While value equity portfolio returns trailed growth in 2007, Dodge & Cox was able to add relative value for participants. Equity IMP net-of-fee returns ranged from -0.1% to 0.8% for the year, which compared favorably with the -0.2% performance by the Russell 1000 Value Index. A comparison with the S&P 500’s 5.49% return is less compelling, with the shortfall resulting from the value-style emphasis of the Dodge portfolios coupled with stock selection. Investors shifted focus from financial and cyclical sectors, which benefit from expectations for sustained strong global trade and global demand for resources, into more defensive issues during the second half of the year. Additionally, volatile growth issues in the technology sector were strong performers in 2007. While Dodge had increased its exposure to growth sectors such as technology, healthcare and media, due to their compelling valuations and earnings growth prospects, these were relatively weak in contrast to other growth issues with stronger momentum. Additionally, stock selection in energy, consumer staples and telecom issues detracted somewhat from results. Nonetheless, it is characteristic of Dodge & Cox’s long-term approach to portfolio structuring that its performance may lag as the investment cycle transitions from one theme to another. Such is the case currently, as investors have shifted expectations from high GDP growth to slower growth and have turned away from cyclical and momentum stocks in favor of better-valued issues.
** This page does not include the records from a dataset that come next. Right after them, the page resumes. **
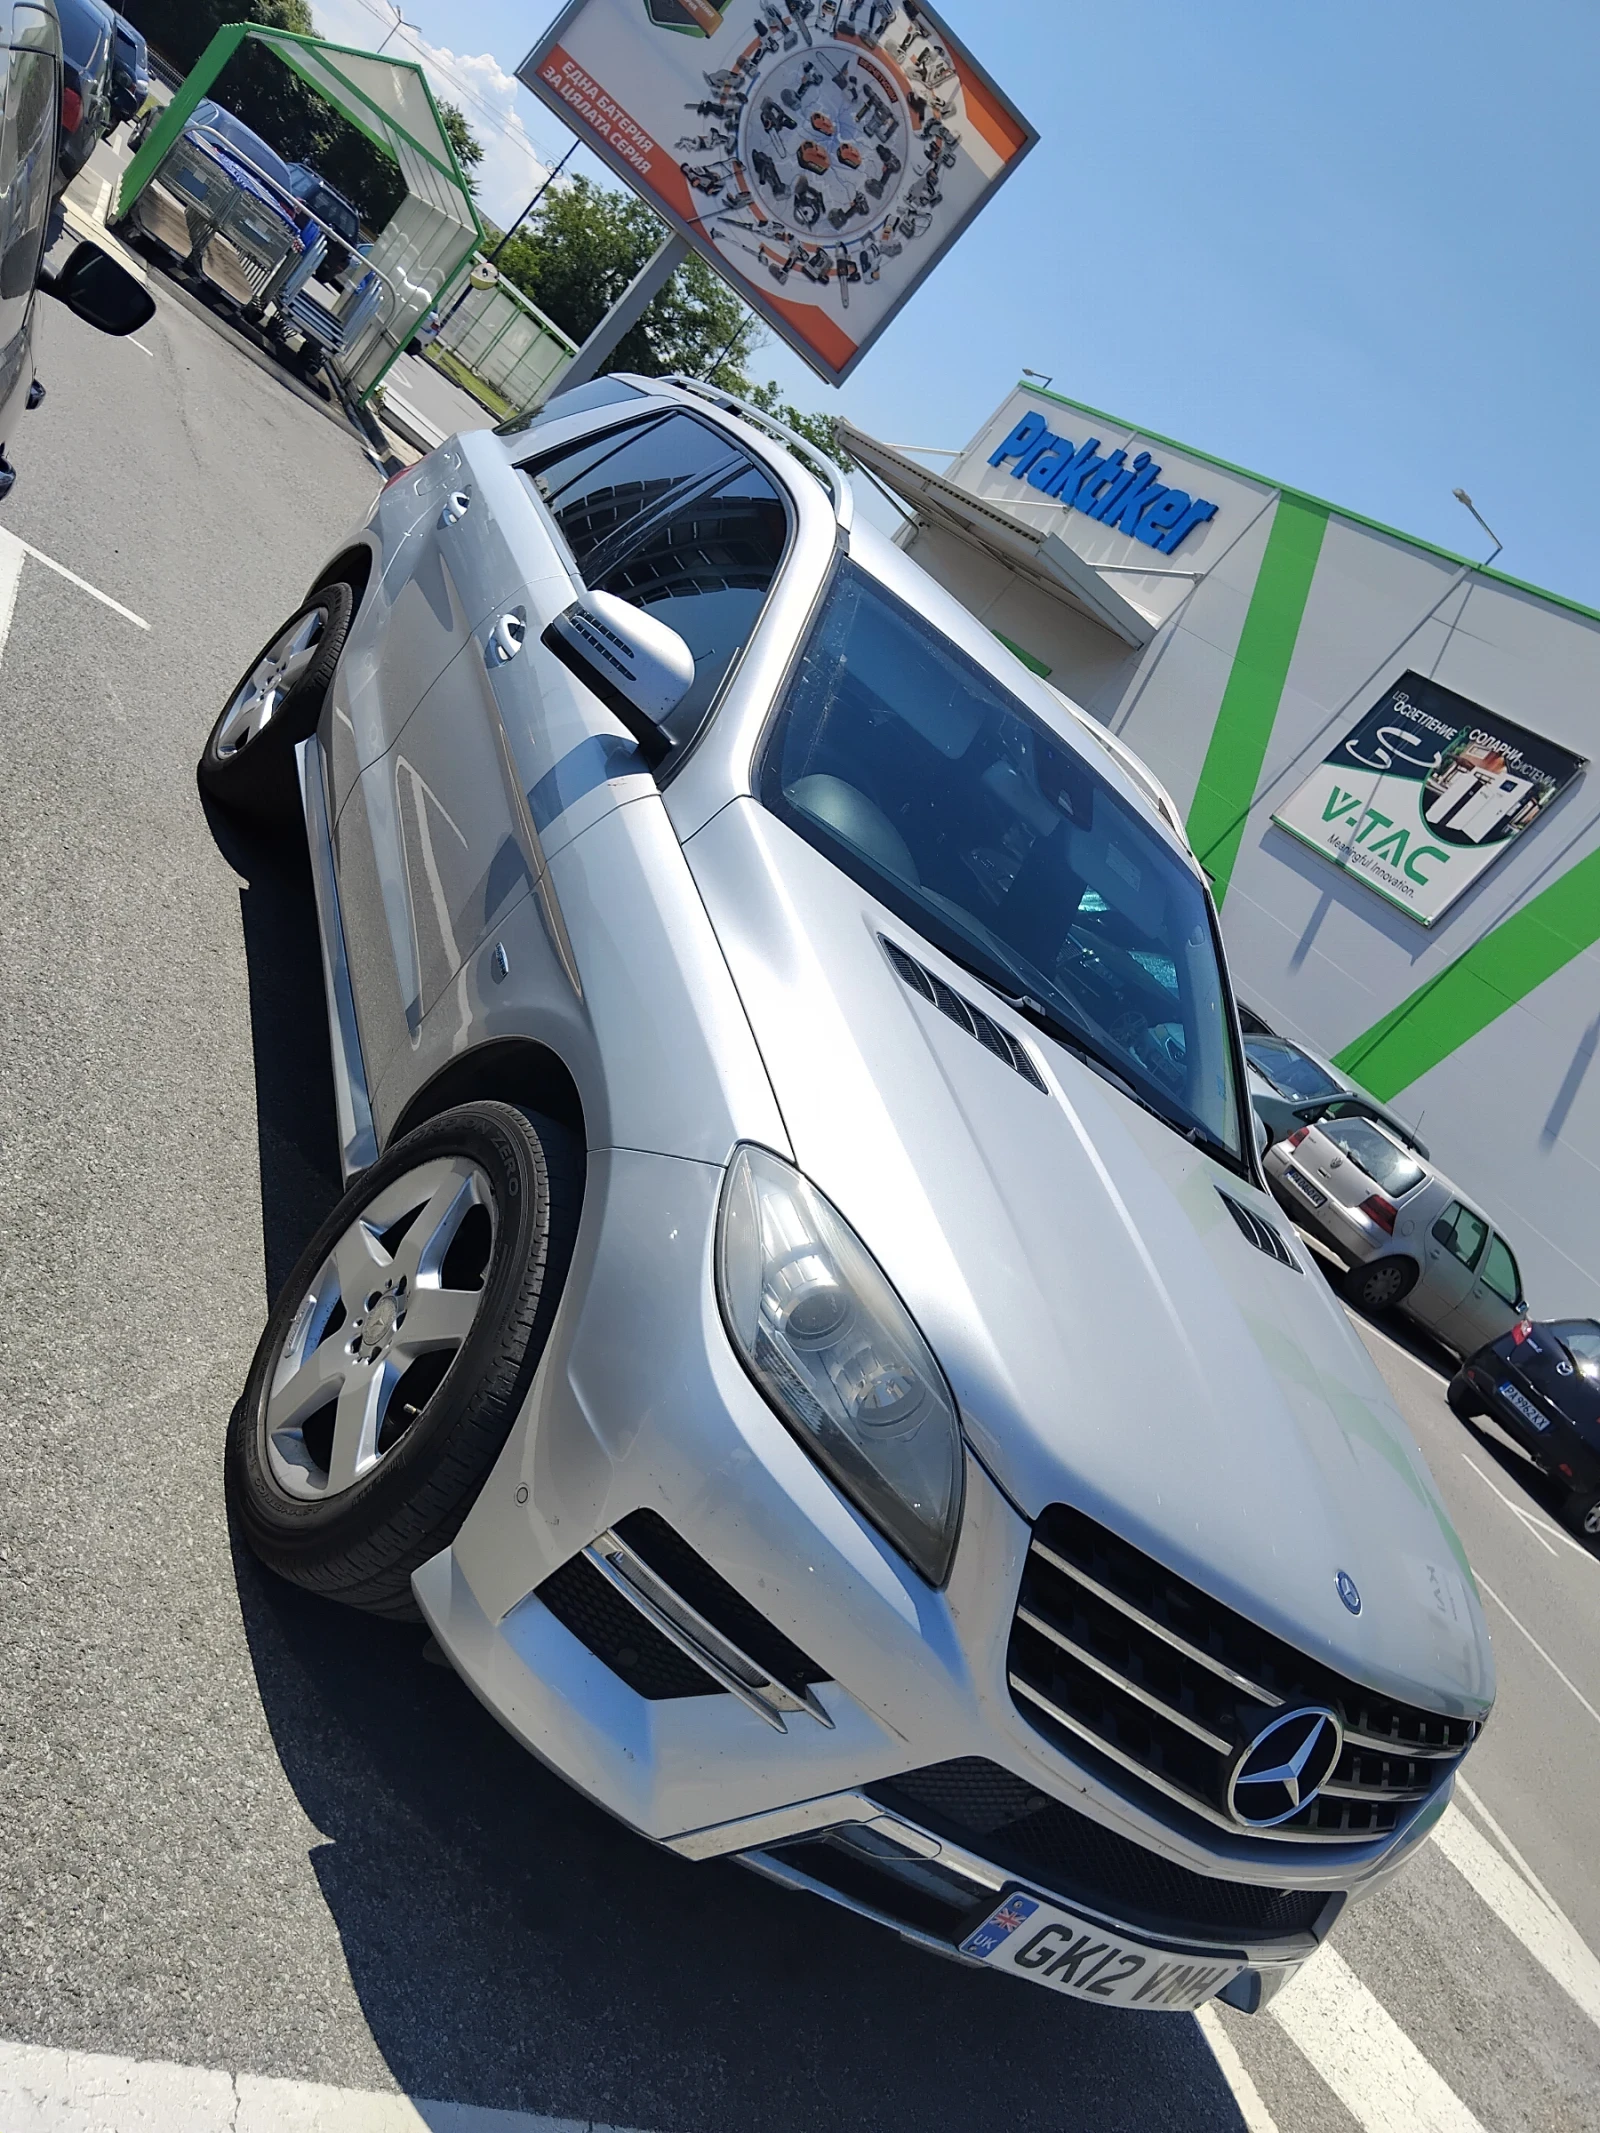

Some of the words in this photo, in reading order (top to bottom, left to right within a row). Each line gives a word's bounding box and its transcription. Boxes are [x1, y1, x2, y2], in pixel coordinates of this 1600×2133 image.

[542, 65, 563, 88] ЗА
[560, 83, 611, 136] ЦЯЛАТА
[609, 132, 652, 174] СЕРИЯ
[561, 61, 599, 100] ЕДНА
[596, 95, 654, 153] БАТЕРИЯ
[987, 410, 1219, 556] Praktiker
[1393, 701, 1458, 740] ОСВЕТЛЕНИЕ
[1468, 729, 1524, 763] СОЛАРНИ
[1321, 785, 1451, 886] V-TAC
[1327, 833, 1372, 869] Meaningful
[1370, 862, 1414, 898] Innovation.
[974, 1934, 998, 1950] UK
[1131, 1962, 1229, 2004] VNH
Dodge & Cox produced returns for its balanced portfolios ranging from 1.6% to 3.3%, net of fees, depending on investment restrictions and differences in asset allocation. This trailed the performance of a 60% S&P 500 Index / 40% Lehman Aggregate benchmark, which would have returned 6.2% during 2007. The portfolio’s value emphasis detracted from results relative to the S&P 500 despite a substantial underweight in financial issues, the S&P 500’s weakest sector in 2007. Bond portfolio results relative to that of the Lehmann Aggregate Index were impacted by their shorter duration, as interest rates declined substantially, and by greater exposure to lower-rated corporate debt.
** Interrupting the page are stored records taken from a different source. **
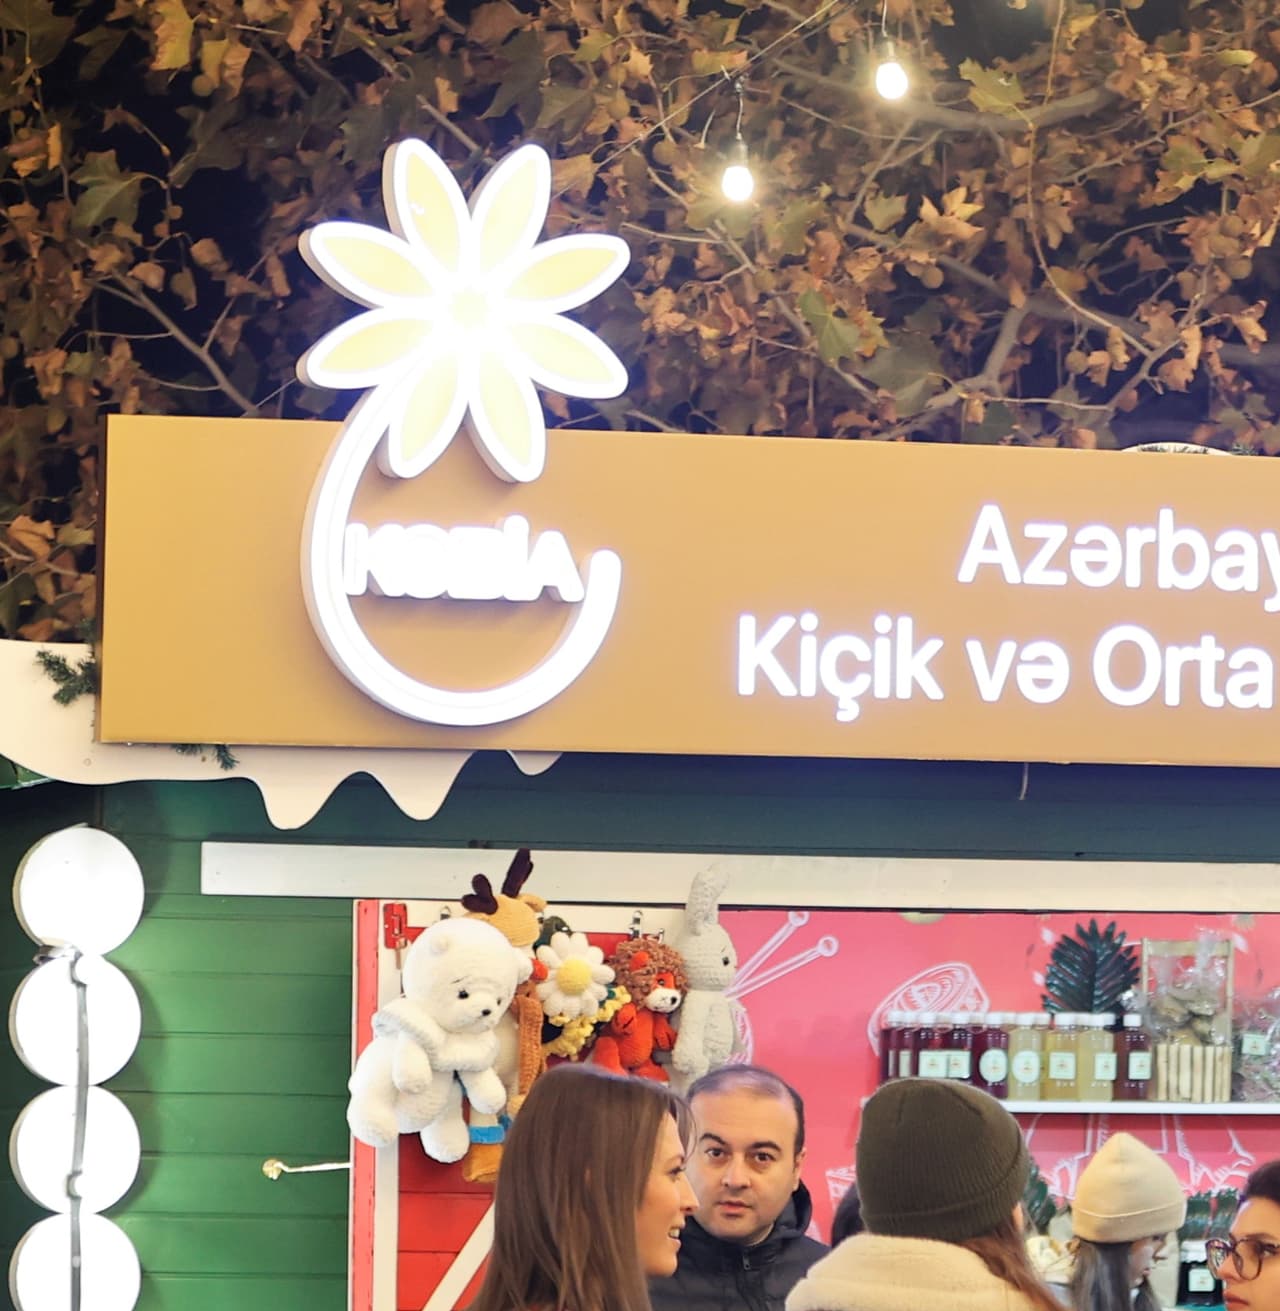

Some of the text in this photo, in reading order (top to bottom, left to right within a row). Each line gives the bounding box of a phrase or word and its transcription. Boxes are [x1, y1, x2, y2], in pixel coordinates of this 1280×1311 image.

[738, 612, 944, 722] Kiçik
[965, 639, 1070, 704] və
[1092, 624, 1274, 709] Orta
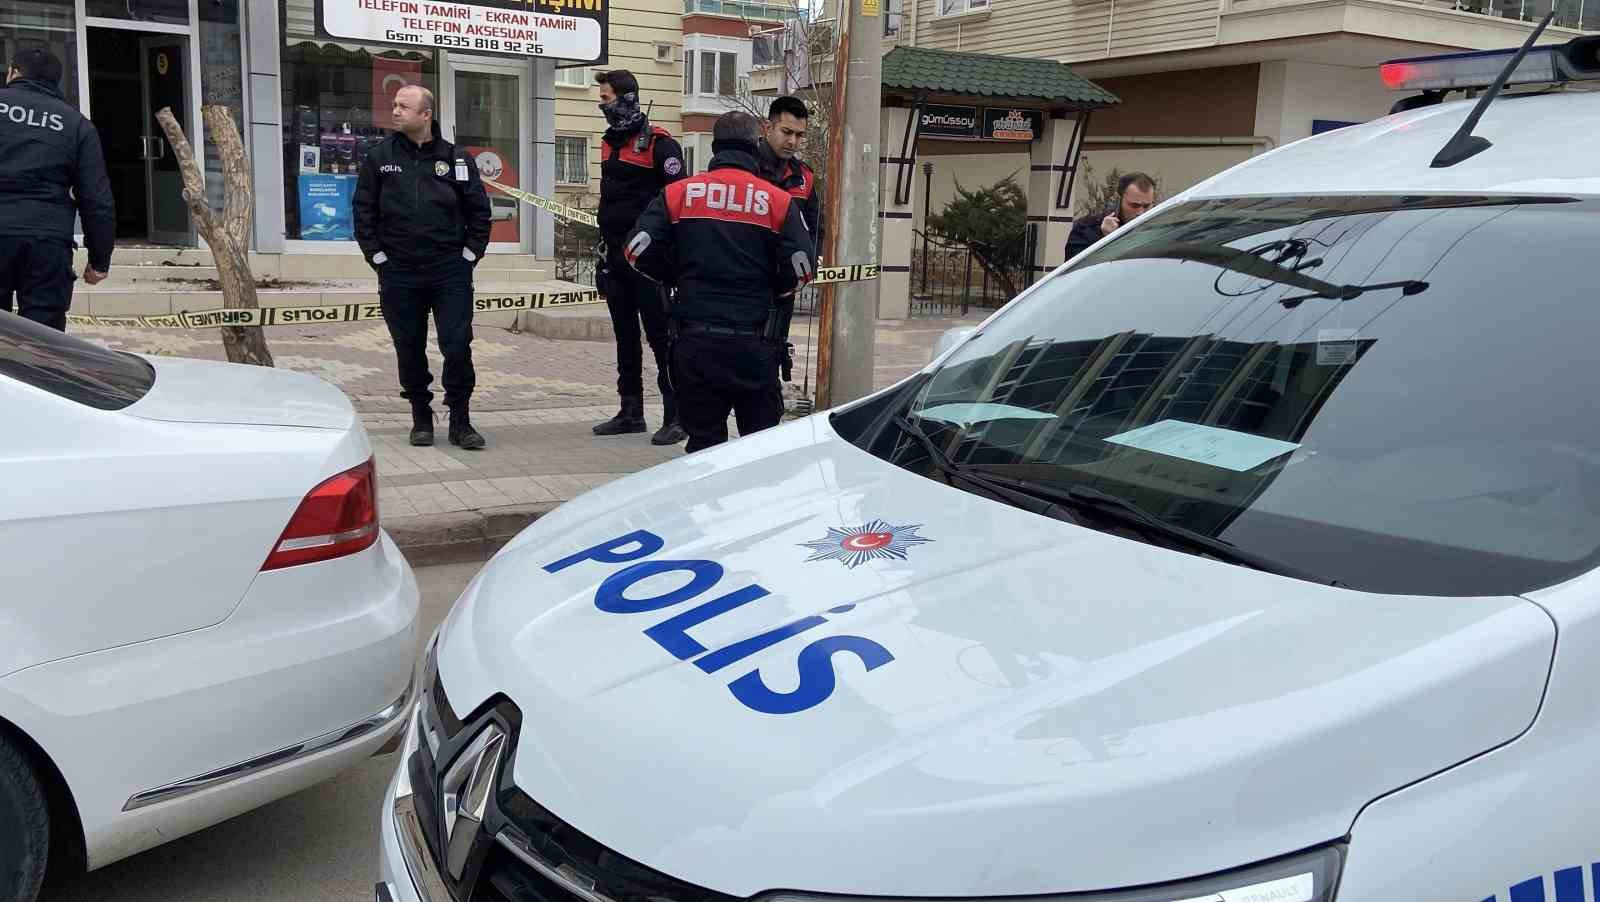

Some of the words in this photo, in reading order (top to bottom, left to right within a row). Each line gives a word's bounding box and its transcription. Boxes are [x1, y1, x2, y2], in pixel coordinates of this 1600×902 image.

[358, 0, 418, 14] TELEFON
[424, 4, 471, 19] TAMİRİ
[486, 11, 529, 26] EKRAN
[533, 17, 577, 31] TAMİRİ
[402, 17, 460, 34] TELEFON
[466, 24, 538, 41] AKSESUARI
[386, 30, 423, 43] Gsm:
[434, 34, 469, 47] 0535
[475, 38, 499, 50] 818
[504, 41, 521, 52] 92
[526, 43, 544, 54] 26
Jennison Associates managed four separate bond portfolios at year-end and produced returns ranging from 7.3% to 8.75%, net of fees, for 2007. These results substantially exceeded the Lehman Aggregate Index’s 6.97% return due primarily to Jennison’s yield curve strategy, as the Federal Reserve began lowering rates at mid-year 2007, steepening the curve, and to the portfolios’ emphasis on high credit quality. The firm has been very successful in profiting from aberrations in yield curve shapes, most recently during 2005, and had viewed credit and mortgage spreads as far too tight at the start of 2007. The portfolio had consequently been underweight in both sectors and emphasized higher quality issues. With subprime concerns making headlines over the summer, this paid off handsomely as corporate and mortgage spreads widened sharply on concerns over market liquidity and a possible recession. As the year ended, Jennison began to expand its mortgage exposure as credit spreads became far more attractive.
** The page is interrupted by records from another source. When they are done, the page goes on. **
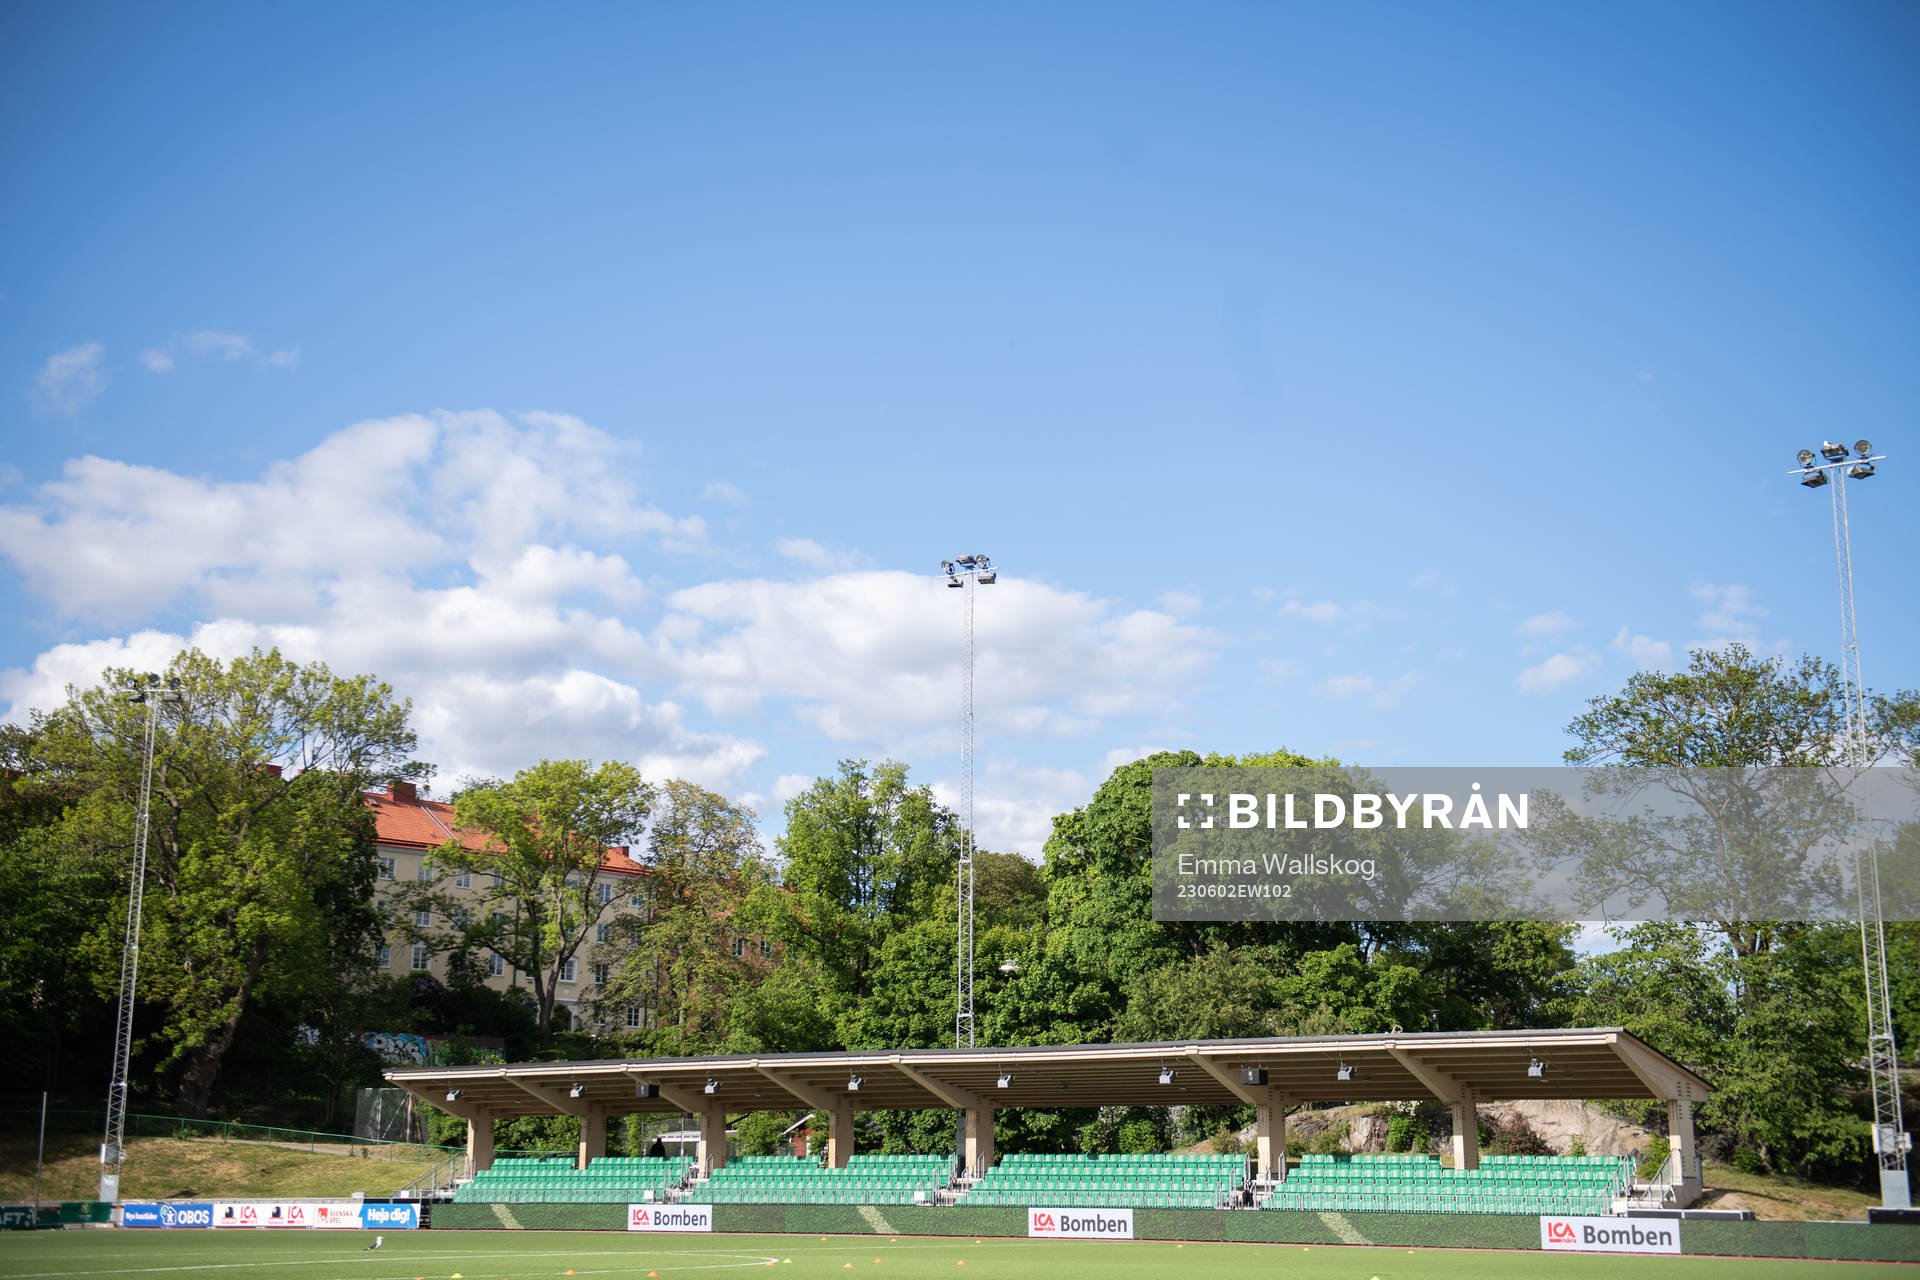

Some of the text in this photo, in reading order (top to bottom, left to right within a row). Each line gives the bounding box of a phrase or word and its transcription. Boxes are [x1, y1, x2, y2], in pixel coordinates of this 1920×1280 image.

[178, 1210, 210, 1224] OBOS
[240, 1206, 257, 1219] ICA
[287, 1206, 304, 1219] ICA
[367, 1207, 411, 1223] Heja dig!
[633, 1209, 649, 1221] ICA
[654, 1210, 707, 1226] Bomben
[1034, 1213, 1055, 1226] ICA
[1060, 1214, 1128, 1232] Bomben
[1548, 1222, 1576, 1238] ICA
[1583, 1224, 1672, 1246] Bomben
RhumbLine Advisers managed two indexed portfolios at year-end, both benchmarked against the S&P 500. Results for the year ranged from 5.5% to 6.25%, matching or exceeding the benchmark’s 5.5% return. Results differed between the two portfolios due to customized SRI restrictions. Of the industries affected by screens — pharmaceuticals and health management, aerospace and defense, and tobacco — many tobacco and defense-related issues produced strong results during 2007, while the impact of healthcare restrictions was mixed. Tobacco stocks, which exhibit defensive characteristics and predictable cash flow, were particularly strong as economic growth slowed globally. Re-weighting and reallocation from the restricted securities to unrestricted names offset some, but not all, of the negative impact of the restrictions. In healthcare, some of the largest restricted pharmaceutical companies posted negative returns, and greater weighting of unrestricted health management and medical device companies contributed positively to results.